Informed consent statement: This study was conducted as a retrospective chart review and was approved by the University of California, Irvine Institutional Review Board. A waiver of informed consent was granted due to the minimal-risk, retrospective nature of the study. No identifiable patient information was used in the analysis.
Conflict-of-interest statement: The authors declare that they have no conflict of interest.
STROBE statement: The authors have read the STROBE Statement—a checklist of items, and the manuscript was prepared and revised according to the STROBE Statement-a checklist of items.
Data sharing statement: The dataset used in this study is de-identified and available from the corresponding author at nhasan1@hs.uci.edu. Consent was not obtained, but the presented data are anonymized and the risk of identification is low.
Open Access: This article is an open-access article that was selected by an in-house editor and fully peer-reviewed by external reviewers. It is distributed in accordance with the Creative Commons Attribution NonCommercial (CC BY-NC 4.0) license, which permits others to distribute, remix, adapt, build upon this work non-commercially, and license their derivative works on different terms, provided the original work is properly cited and the use is non-commercial. See: https://creativecommons.org/Licenses/by-nc/4.0/
Corresponding author: Nazmul Hasan, MD, Doctor, Department of Medicine, University of California, Irvine, 333 City Blvd W, Suite 400, Orange, CA 92868, United States. nhasan1@hs.uci.edu
Received: April 7, 2025 Revised: April 22, 2025 Accepted: May 15, 2025 Published online: June 24, 2025 Processing time: 76 Days and 0.5 Hours
Abstract
BACKGROUND
Vitamin D deficiency has been associated with prostate cancer, particularly in ethnic minorities. Patients with prostate cancer may still be deficient even in areas of high sun exposure.
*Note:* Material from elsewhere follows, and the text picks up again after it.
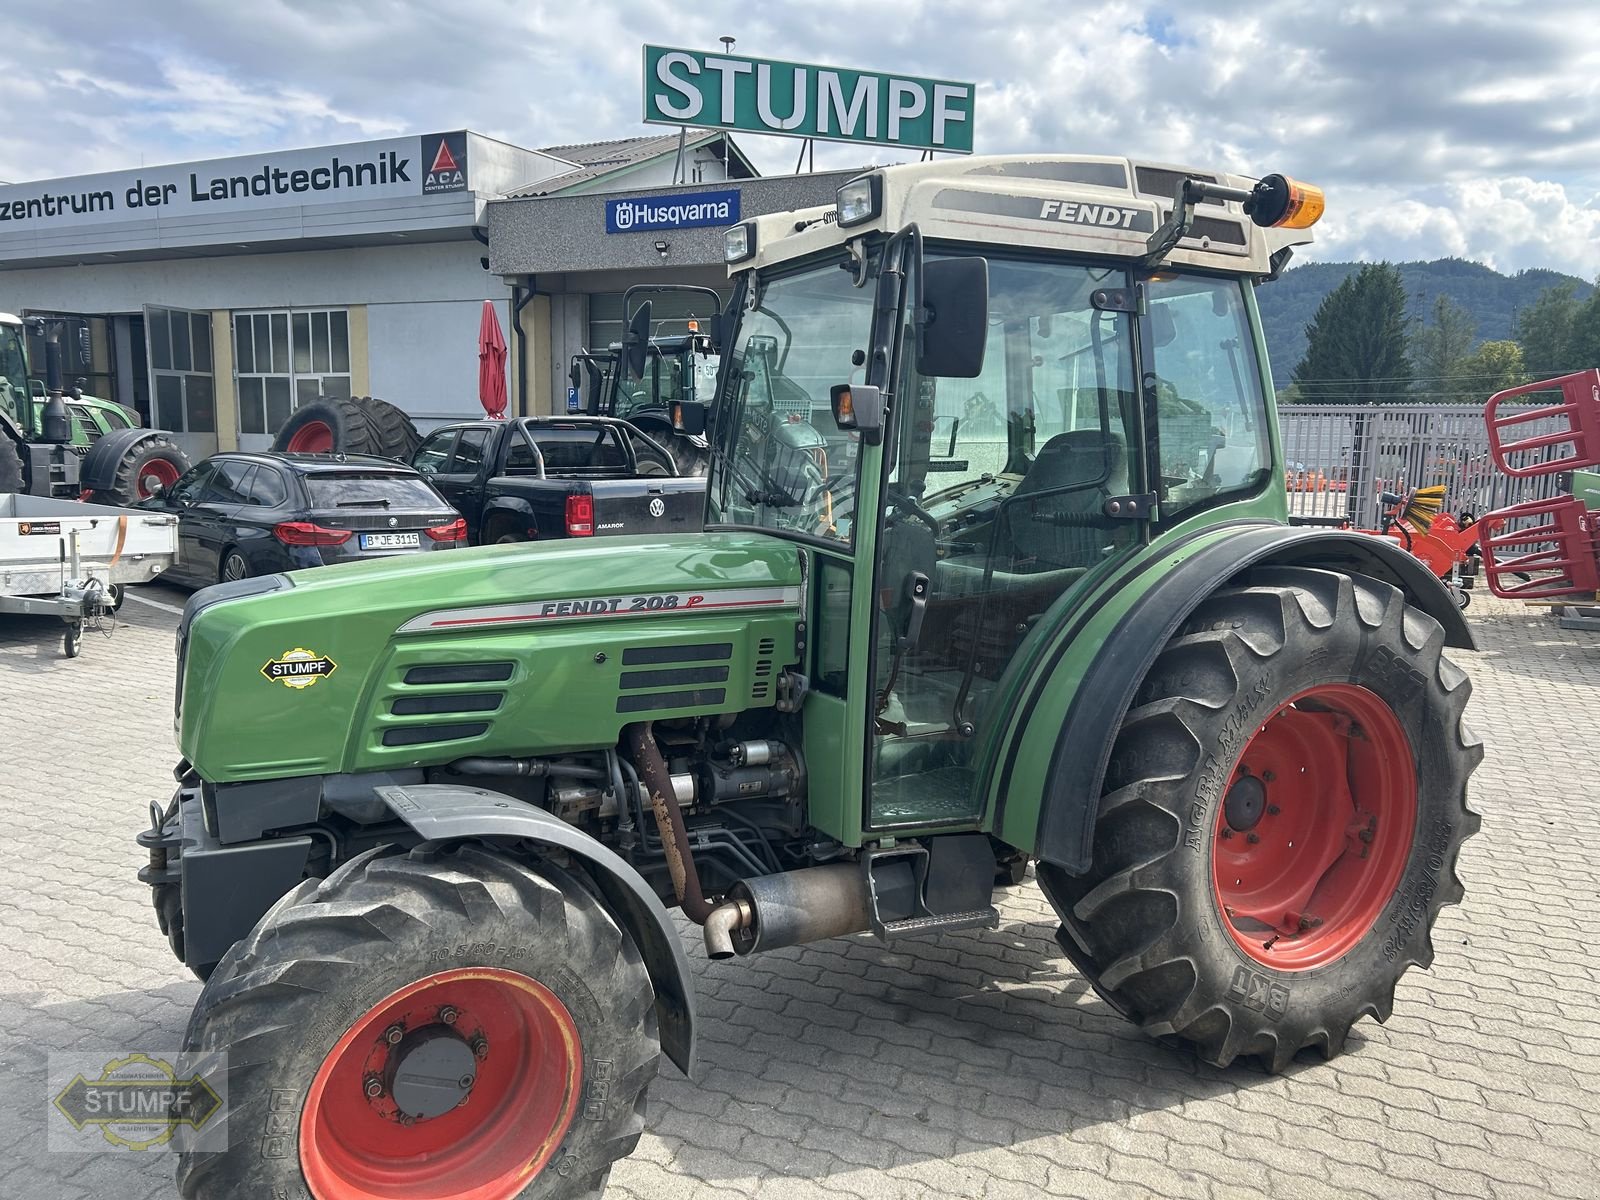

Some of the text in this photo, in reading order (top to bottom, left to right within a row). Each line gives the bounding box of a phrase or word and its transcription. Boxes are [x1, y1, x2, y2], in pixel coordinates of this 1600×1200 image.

Although androgen deprivation therapy (ADT) is well documented to affect bone health, its impact on vitamin D levels is still uncertain. This study investigates the subgroups of prostate cancer patients most associated with vitamin D deficiency and ADT’s relation to this.
AIM
To examine how prevalent vitamin D deficiency is among prostate cancer patients in a sun-rich environment, with focus on differences by race and disease stage. It also assessed whether ADT is associated with changes in vitamin D levels.
METHODS
Prostate cancer patients treated at Chao Family Comprehensive Cancer Center between 2014-2024 were retrospectively studied with regards to vitamin D levels across racial groups, disease stages, and ADT exposure. Changes in vitamin D levels pre- and post-ADT over 24 months were assessed by statistical methods including paired t-tests.
RESULTS
Among 120 patients (mean age: 74 years, mean body mass index: 27.6 kg/m²), African American (33.3%) and Hispanic (31.8%) patients had the greatest prevalence of vitamin D deficiency (< 20 ng/mL). With a 28.6% deficit rate, metastatic castration-resistant prostate cancer had the highest prevalence rates of deficiency. There was no significant difference between pre- and post-ADT vitamin D levels (P = 0.45).
CONCLUSION
Vitamin D deficiency is common in prostate cancer patients, especially racial minorities and those with advanced disease, despite residing in an area with high sun exposure. ADT does not significantly impact vitamin D levels in the short term. Routine screening and supplementation should be considered in these high-risk groups.
Core Tip: This retrospective study investigates the prevalence of vitamin D deficiency in prostate cancer patients who received treatment in Southern California, a region characterized by high annual sun exposure. It underscores the high deficiency rates among advanced-stage disease patients, as well as Hispanic and Black patients. The study also assesses the impact of androgen deprivation therapy on vitamin D and concludes that there is no substantial change in response to treatment. These results provide evidence for routine screening and supplementation of vitamin D, particularly in high-risk subgroups, and challenges the notion that sun exposure alone guarantees adequate vitamin D levels.